She decided to let go of her security blanket and allowed her wrap to slide from her shoulders, turning to drape it across the back of her chair, her twisting movements drawing attention to the whiteness of her lightly freckled shoulders against the blackness of the chiffon top.
As she turned back she almost blushed to feel the nervous rise and fall of her breasts, cupped in their luxuriant nests of embroidered tulle, against the sheer silk. Every breath felt like a wanton act of provocation.
And naturally he looked…he was a man, after all…with a thoughtful expression that was somehow more stimulating than a leer, and Veronica was thankful for the strategic pleats of tulle when she felt the tips of her breasts begin to tingle and harden into betraying little points.
‘Russian? Icelandic?’ A slight breathlessness made her voice even more husky as she resumed their game.
His gaze fell back to his newspaper and for a shattering moment she feared that she had overplayed her hand. She looked around for inspiration, glancing over at the owner of the bar, who had been following the progress of their encounter with frank interest. To her chagrin he grinned and gave an expressive shrug, as if to indicate the hopelessness of her case.
‘Sprechen Sie Deutsches?’
Veronica’s head whipped back to find the chocolate-brown eyes waiting for her, banked with a taunting amusement, the roughly folded newspaper wedged down the side of the table.
The wretch!
‘Nein,’ she said, giving him look for look. ‘Je parle anglais seulement,’ she stressed, admitting her language deficiency with a defiant tilt of her chin.
A slow, sexy smile trawled across his mouth.
‘Je suis désolé,’ he said, placing a mocking hand across his heart.
She understood that, but chose to turn his mockery back on him: ‘Et je suis Veronica,’ she replied pertly.
He laughed and inclined his head. ‘Lucien.’
Effervescent emotion bubbled up inside her. She offered him her hand across the table. ‘Pleased to meet you, Lucien.’

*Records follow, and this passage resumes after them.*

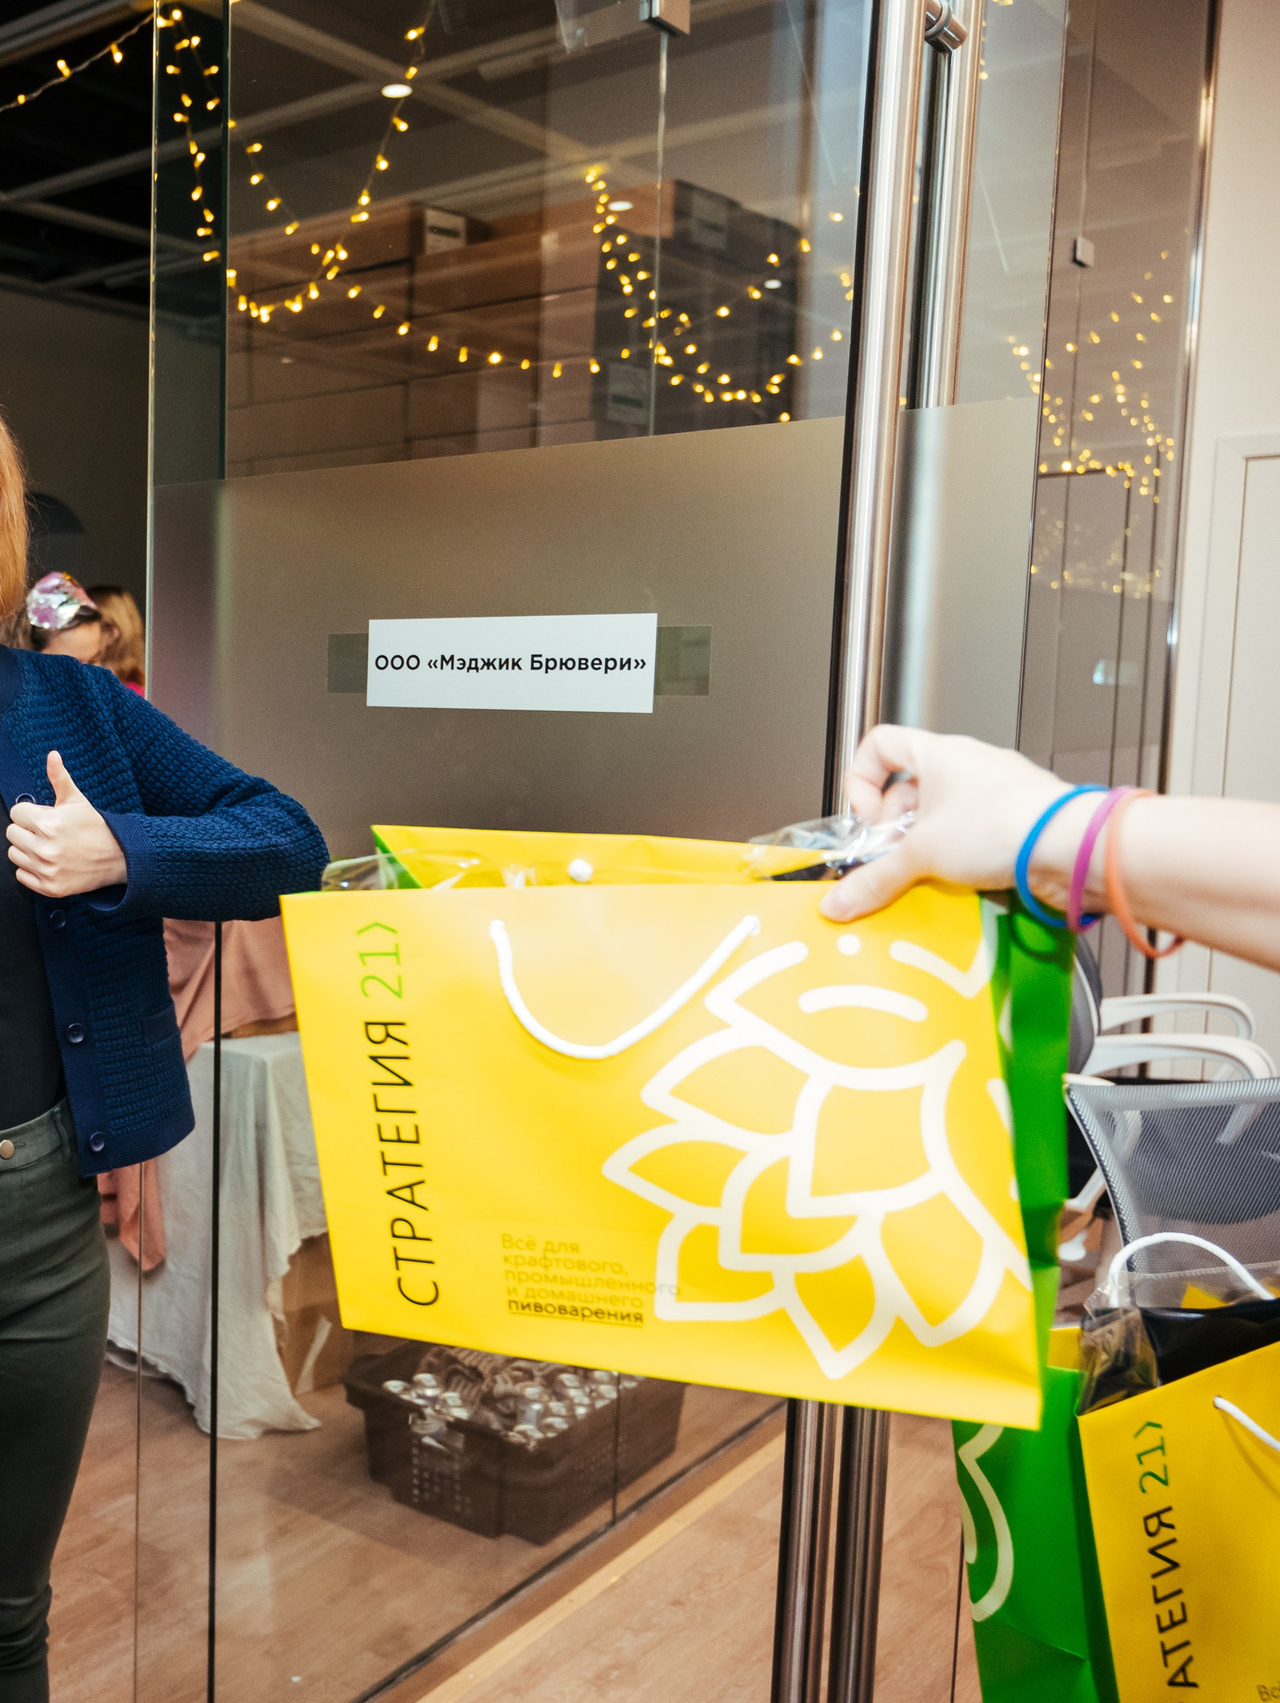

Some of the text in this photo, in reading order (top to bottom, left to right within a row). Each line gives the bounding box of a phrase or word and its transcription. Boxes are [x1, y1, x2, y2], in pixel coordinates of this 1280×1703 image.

[374, 653, 647, 675] ООО «Мэджик Брювери»
[364, 1021, 440, 1307] СТРАТЕГИЯ
[500, 1232, 581, 1255] Всё для
[502, 1253, 630, 1277] крафтового,
[504, 1268, 683, 1297] промышленного
[506, 1286, 645, 1310] и домашнего
[507, 1299, 645, 1325] пивоварения
[1142, 1505, 1200, 1690] АТЕГИЯ
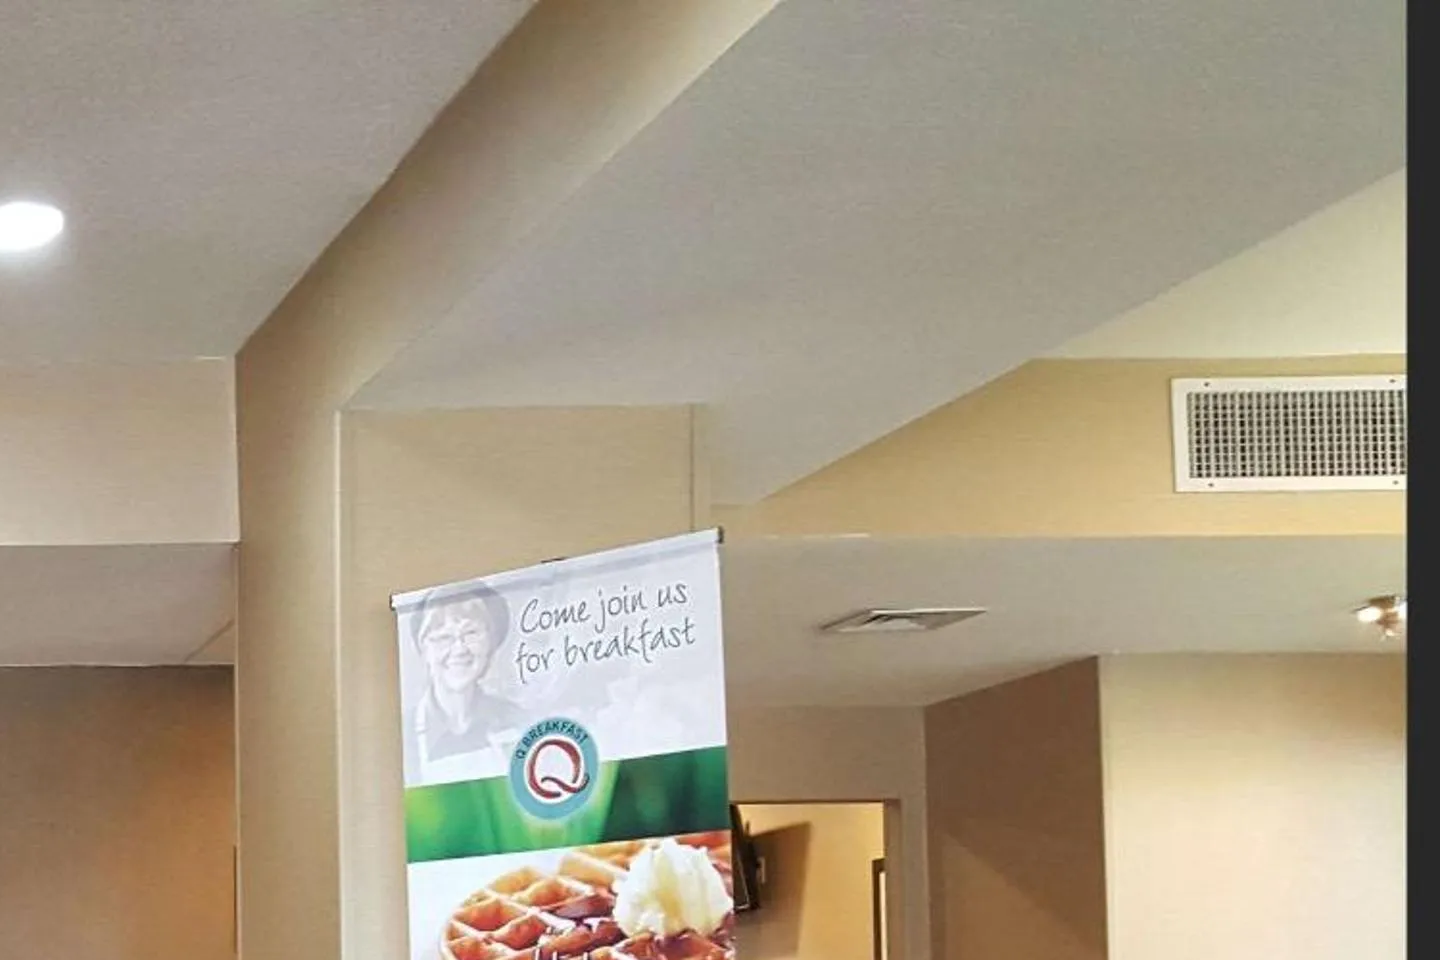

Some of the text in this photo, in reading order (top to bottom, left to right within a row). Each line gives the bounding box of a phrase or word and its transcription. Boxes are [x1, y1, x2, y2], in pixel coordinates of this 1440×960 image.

[520, 581, 688, 634] Come join us
[515, 617, 696, 684] for breakfast
[522, 721, 589, 748] BREAKFAST
[527, 738, 590, 798] Q
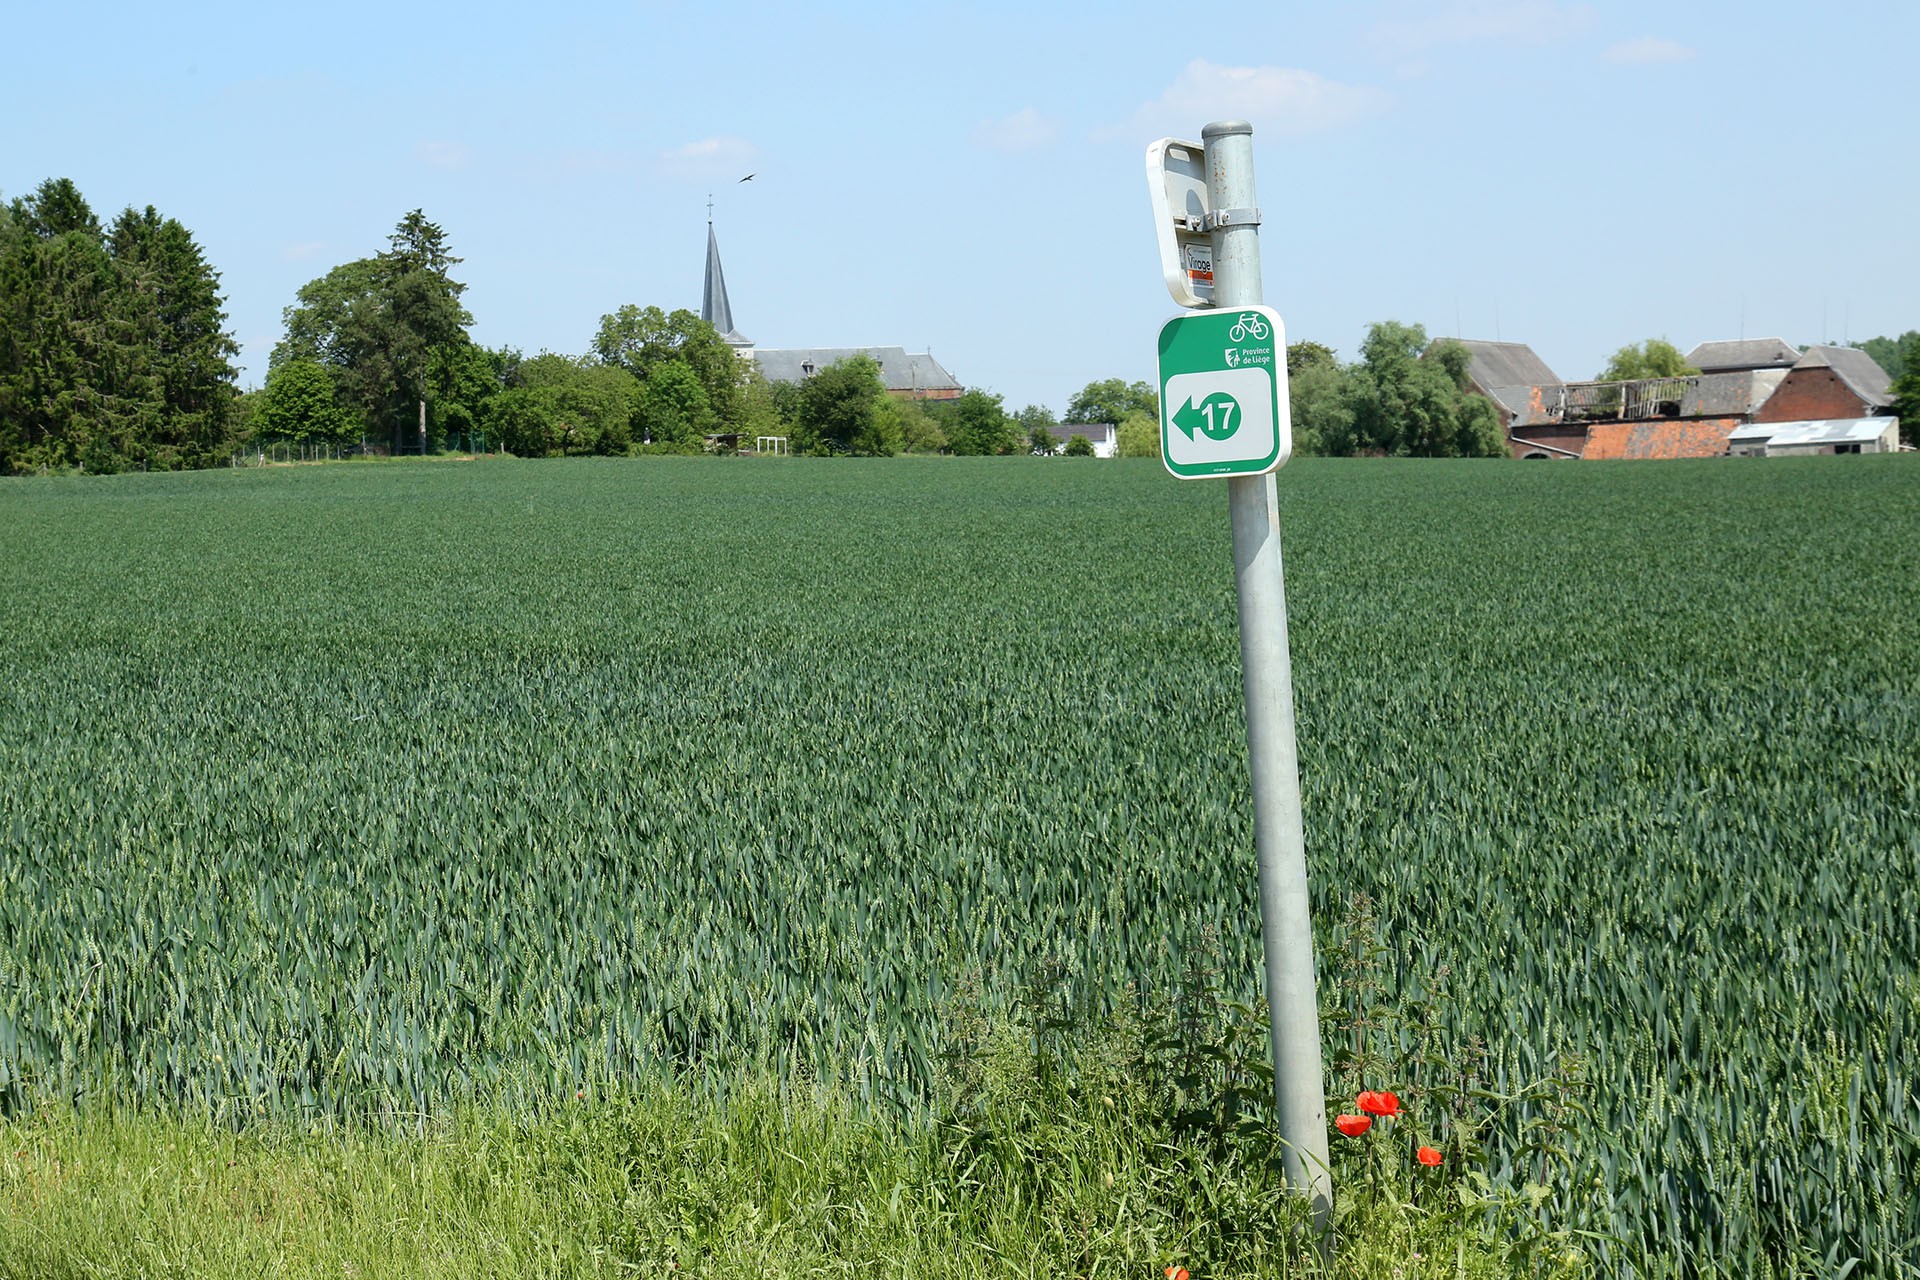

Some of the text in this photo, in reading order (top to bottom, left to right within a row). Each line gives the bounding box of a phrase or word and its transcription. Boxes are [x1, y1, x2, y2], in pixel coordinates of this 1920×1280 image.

[1187, 257, 1211, 273] Virage
[1242, 347, 1270, 356] Province
[1242, 355, 1271, 366] de Liège
[1201, 402, 1235, 431] 17
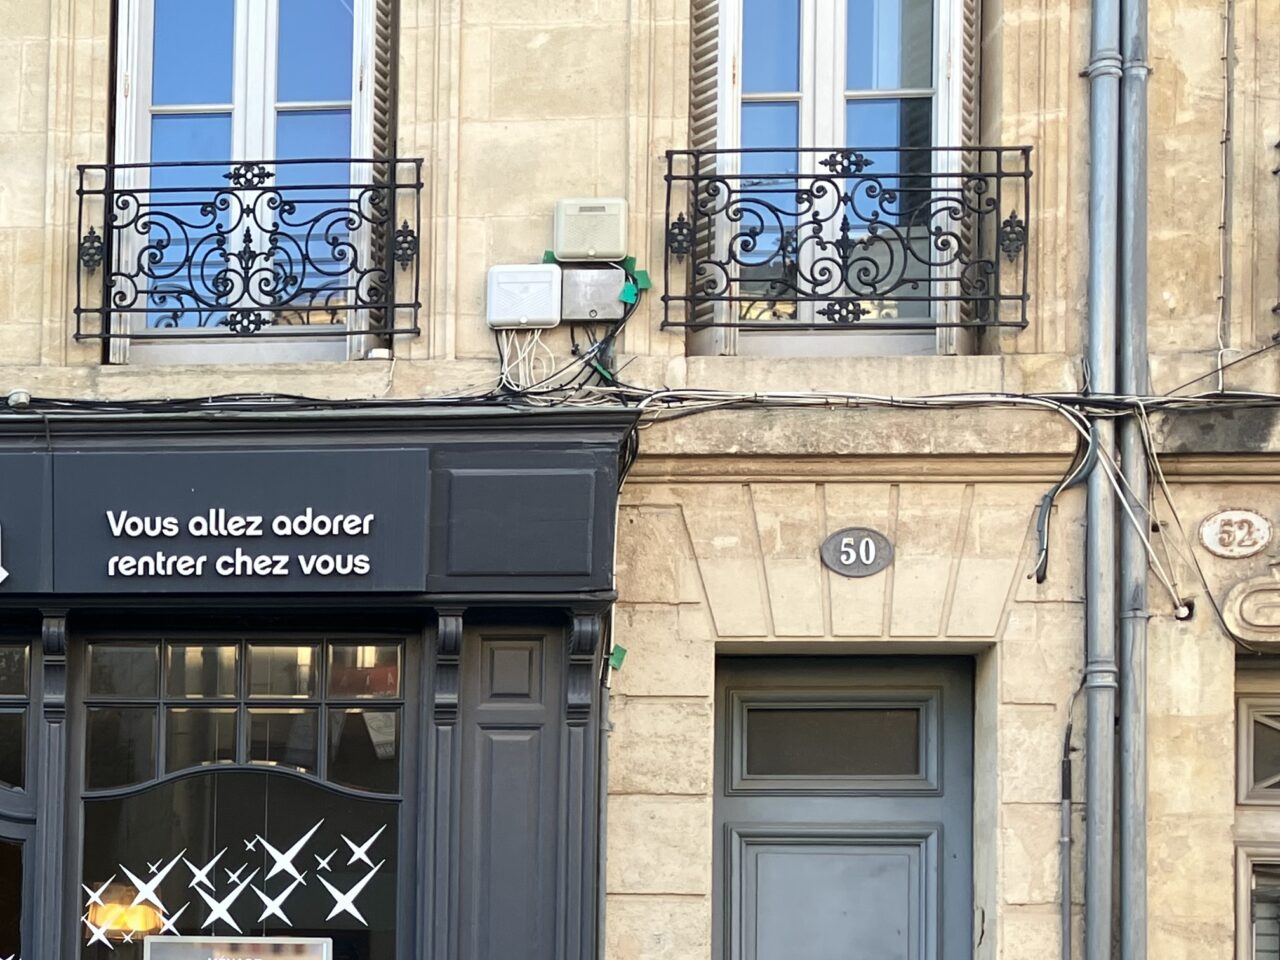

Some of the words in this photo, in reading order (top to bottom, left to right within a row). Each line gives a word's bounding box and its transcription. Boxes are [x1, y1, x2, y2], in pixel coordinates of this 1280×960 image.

[106, 510, 179, 537] Vous
[188, 508, 263, 537] allez
[272, 507, 375, 536] adorer
[1218, 518, 1258, 548] 52
[108, 551, 207, 576] rentrer
[215, 547, 290, 576] chez
[298, 554, 371, 576] vous
[840, 537, 876, 565] 50

‘Enchanté,’ he murmured, and she shivered as she felt the warm slide of his palm against hers, his thumb caressing up over her knuckles, his breath warm on the back of her hand as he lifted it to his mouth, holding her gaze as his lips brushed lightly over her skin.
It was a ridiculously over-extravagant cliché of a gesture, as they both well knew, but it still made Veronica feel hot all over, and when she disengaged her hand she wrapped it quickly around her glass in a vain attempt to cool off.
Noticing that his beer-glass was almost empty, she tried to buy some more time by ordering another round, but he protested when she tried to get herself another Kir and she became even more flushed at the idea that he thought she was drunk. But no—by word, gesture and helpful translation from the bar-owner, she divined that he was changing her order to a Kir Royale, and putting it on his own bill.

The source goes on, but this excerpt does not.